Krude Israelthesen an Göttinger Eliteuni

Israelische Opfer des Olympia-Attentats von 1972 wollten sterben, so ein Politik-Professor. Uni zögert mit Rauswurf

GÖTTINGEN taz ■ Ein Wissenschaftler der Universität Göttingen hat mit einem Vortrag heftige Kritik auf sich gezogen. Der geschäftsführende Direktor des Instituts für Sportwissenschaften, Arnd Krüger, hatte auf einer Tagung behauptet, die elf israelischen Sportler, die beim Olympia-Attentat 1972 in München starben, seien freiwillig in den Tod gegangen. Der Vizepräsident des Zentralrats der Juden, Dieter Graumann, nannte das „Antisemitismus pur“.

Mit dem Vortrag im Juni in Göttingen wollte der Professor die Frage aufwerfen, wie man die Zeitgeschichte des Sports vermitteln könne, ohne sich in den „Fallstricken des Antisemitismus zu verhaspeln“ – so ein Teil des Titels. Genau das war ihm allerdings mit seiner Argumentation gründlich misslungen. Krügers These: Die israelischen Sportler hätten sich 1972 freiwillig gemeldet und gewusst, dass die Palästinenser ein Attentat verüben würden. Es habe sich um eine politische Entscheidung gehandelt, dass die Sportler zum Zeitpunkt des Anschlags überhaupt anwesend waren. Herrscher in der israelischen Geschichte hätten schon früher den Tod von Israelis in Kauf genommen, um Kriege zu rechtfertigen, so Krüger. Diese Meinung hatte der Wissenschaftler schon in dem Göttinger Hochschulsportmagazin Seitenwechsel zu Semesterbeginn vertreten – offensichtlich unbemerkt von Universitätsleitung und Kollegen. Erst als Krüger seine Argumentation auf der Tagung wiederholte, regten sich Proteste.

Der stellvertretende israelische Botschafter Ilan Mor kritisierte nun die Äußerungen Krügers scharf. „Das ist eine der schlimmsten Formen der Dehumanisierung des Staates Israel“, sagte der Diplomat. Man sehe hier eine Form des neu aufflackernden Antisemitismus in Deutschland, „verpackt als Israelkritik“. Auch der Vizepräsident des Zentralrats, Graumann, bezeichnete die Argumentation Krügers als „Volksverhetzung“. Er forderte Konsequenzen von der Leitung der Universität Göttingen. Deren Beschwichtigungsversuche seien „mindestens ebenso skandalös wie Krügers Aussagen selbst“, zeigte sich Graumann empört. Das überschreite die Grenzen der Meinungsfreiheit.

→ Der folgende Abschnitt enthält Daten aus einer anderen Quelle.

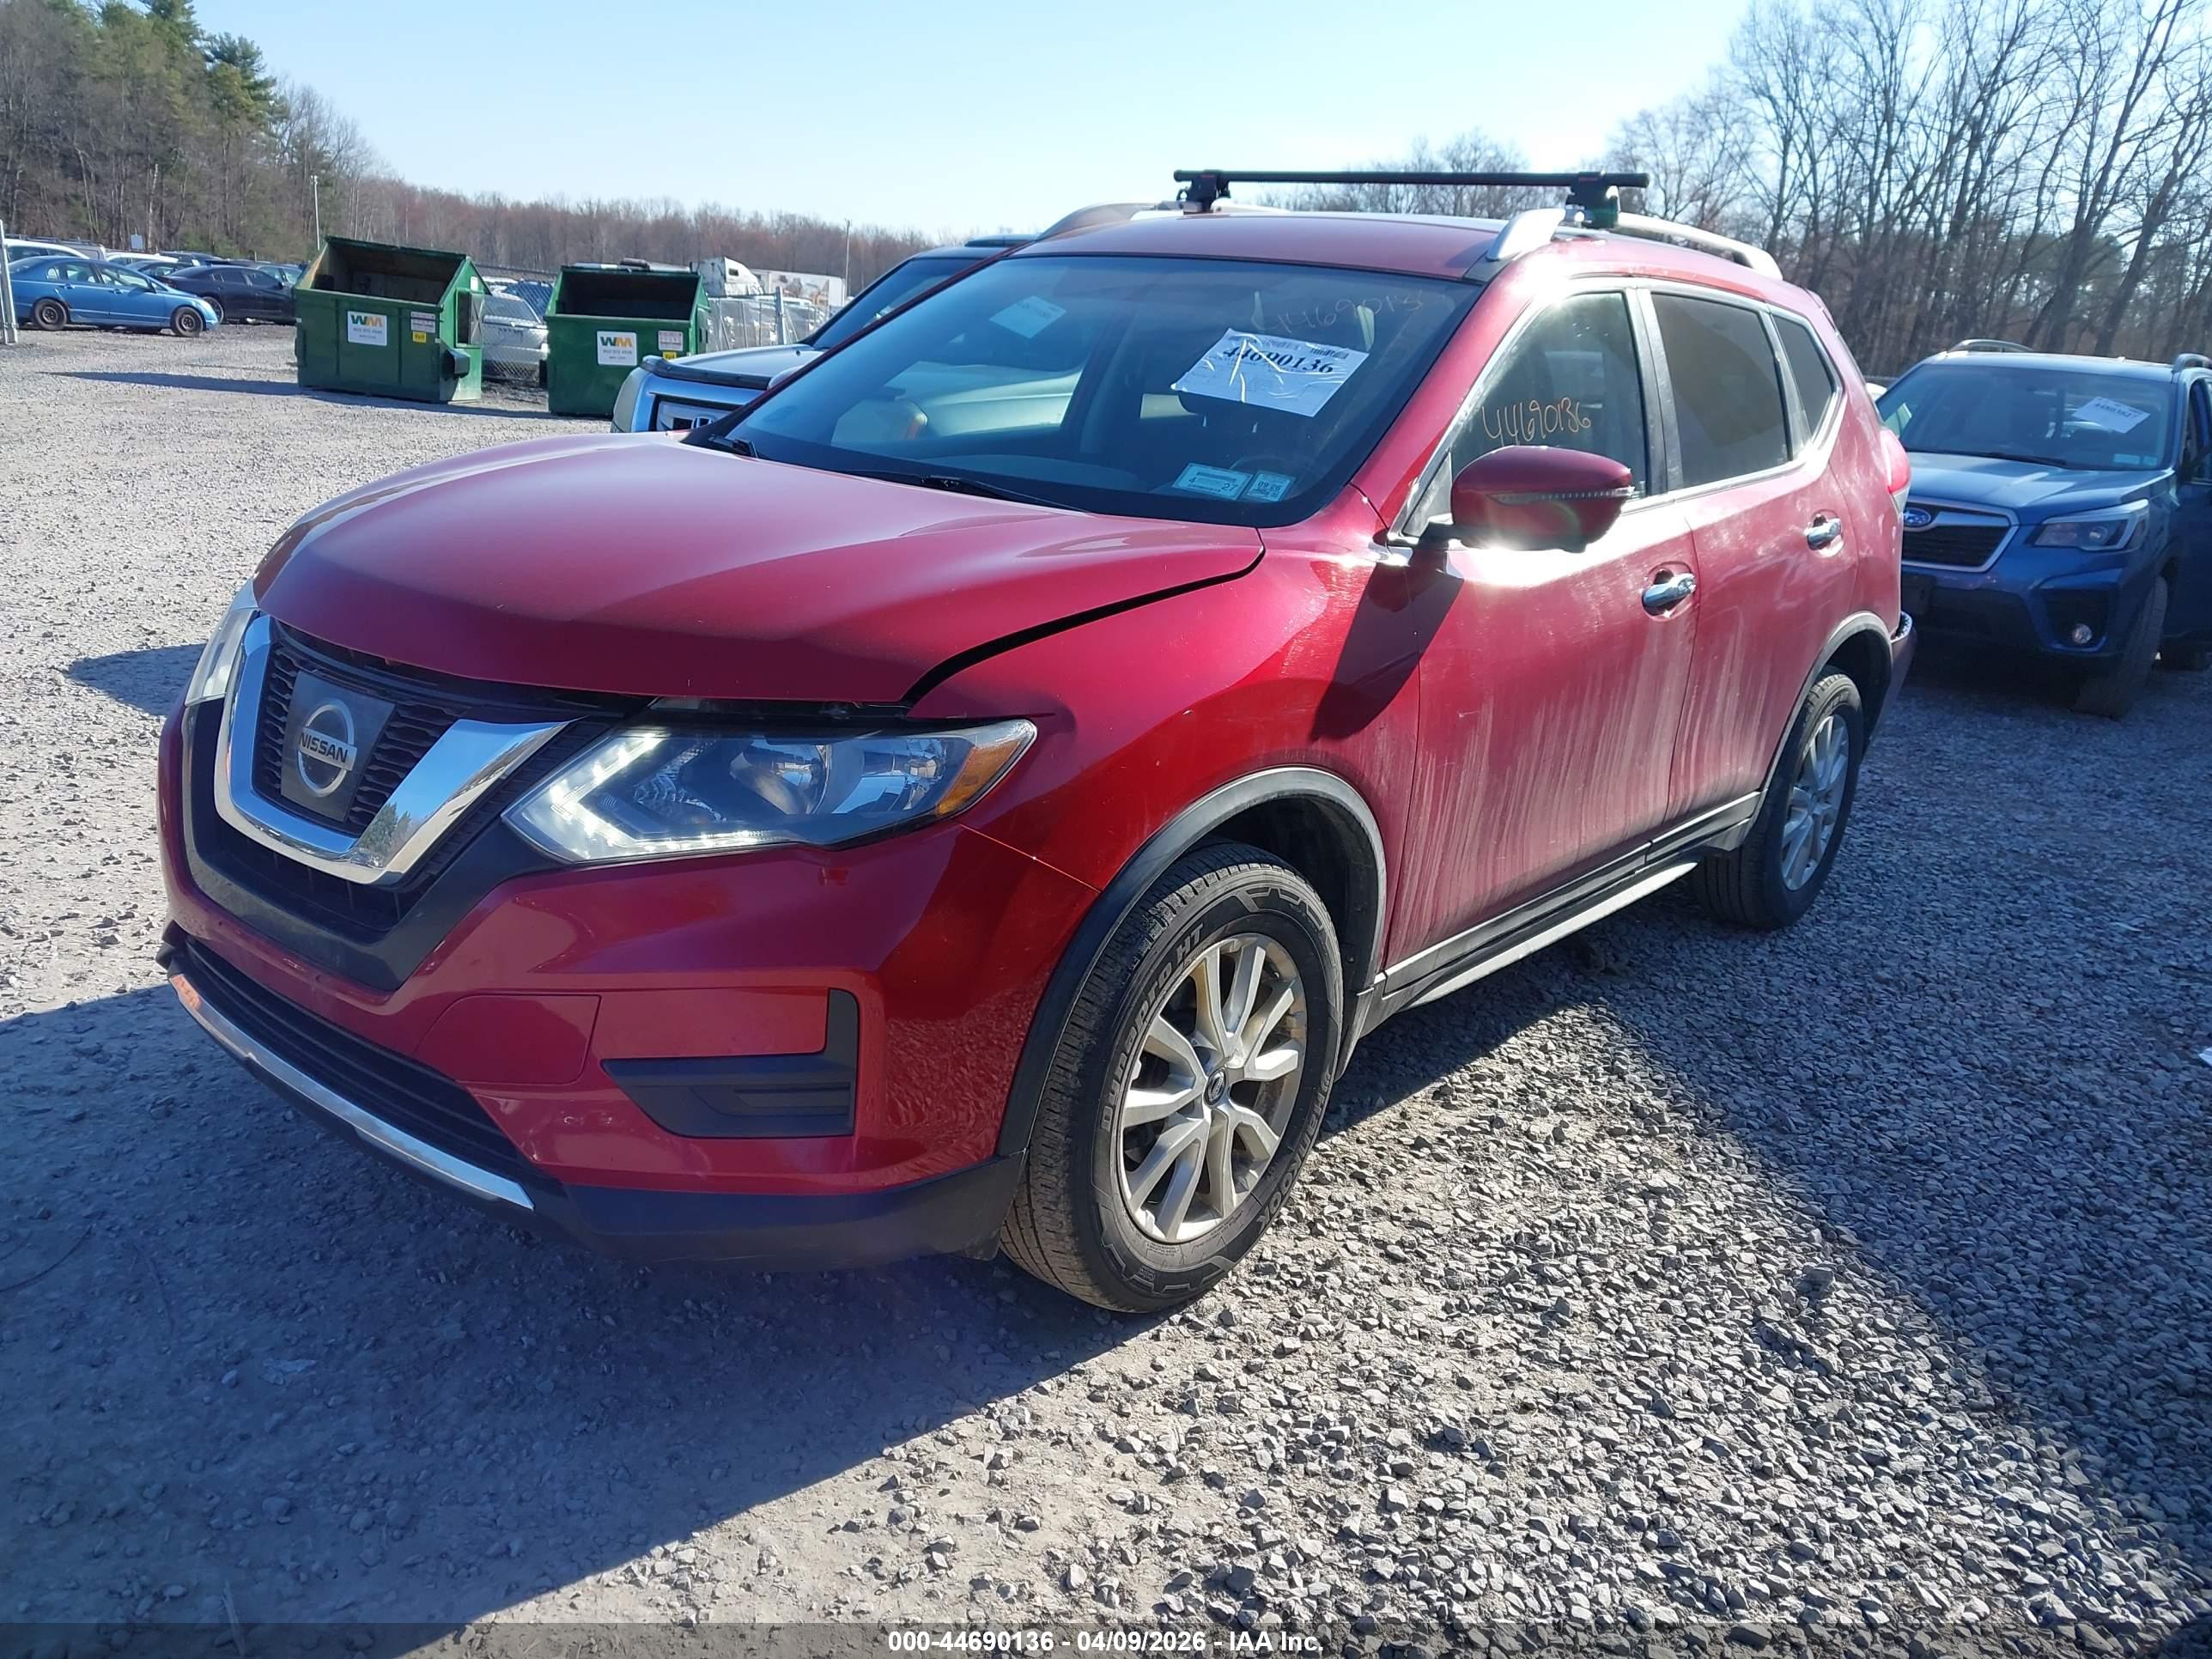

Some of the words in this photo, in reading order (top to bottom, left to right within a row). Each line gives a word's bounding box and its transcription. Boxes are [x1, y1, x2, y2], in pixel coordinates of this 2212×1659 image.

[349, 314, 382, 326] WM
[600, 337, 633, 348] WM
[1481, 397, 1591, 447] 44690136
[298, 732, 349, 763] NISSAN
[1101, 961, 1173, 1131] Dynapro
[1176, 922, 1204, 963] HT

Die Göttinger Uni hatte zuvor eine Erklärung veröffentlicht. Darin schreibt Universitätspräsident Kurt von Figura: „Die Universität ist stolz auf ihre langjährige, fruchtbare Zusammenarbeit mit israelischen Forschern und Universitäten.“ Das Präsidium werde „klare Zeichen gegen Intoleranz, Rassismus und Antisemitismus setzen“.

Klare Zeichen sollen zunächst durch die Einsetzung einer Ombudskommission geschaffen werden. Sie soll prüfen, ob durch Krügers Thesen die Regeln guter wissenschaftlicher Praxis verletzt worden seien. Je nach Ergebnis werde die Universität einen angemessenen Weg einschlagen, sagte Universitäts-Pressesprecherin Marietta Fuhrmann-Koch. Dabei würden eventuell auch strafrechtliche und arbeitsrechtliche Schritte in Betracht gezogen.

Sportwissenschaftler Arnd Krüger sind nun die Ausmaße seiner Thesen wohl doch bewusst geworden. Er habe versucht, ein kulturhistorisches Phänomen zu erklären, und „nie beabsichtigt, irgendjemanden zu diskreditieren“, sagte Krüger. Keinesfalls habe er persönliche Gefühle verletzen wollen.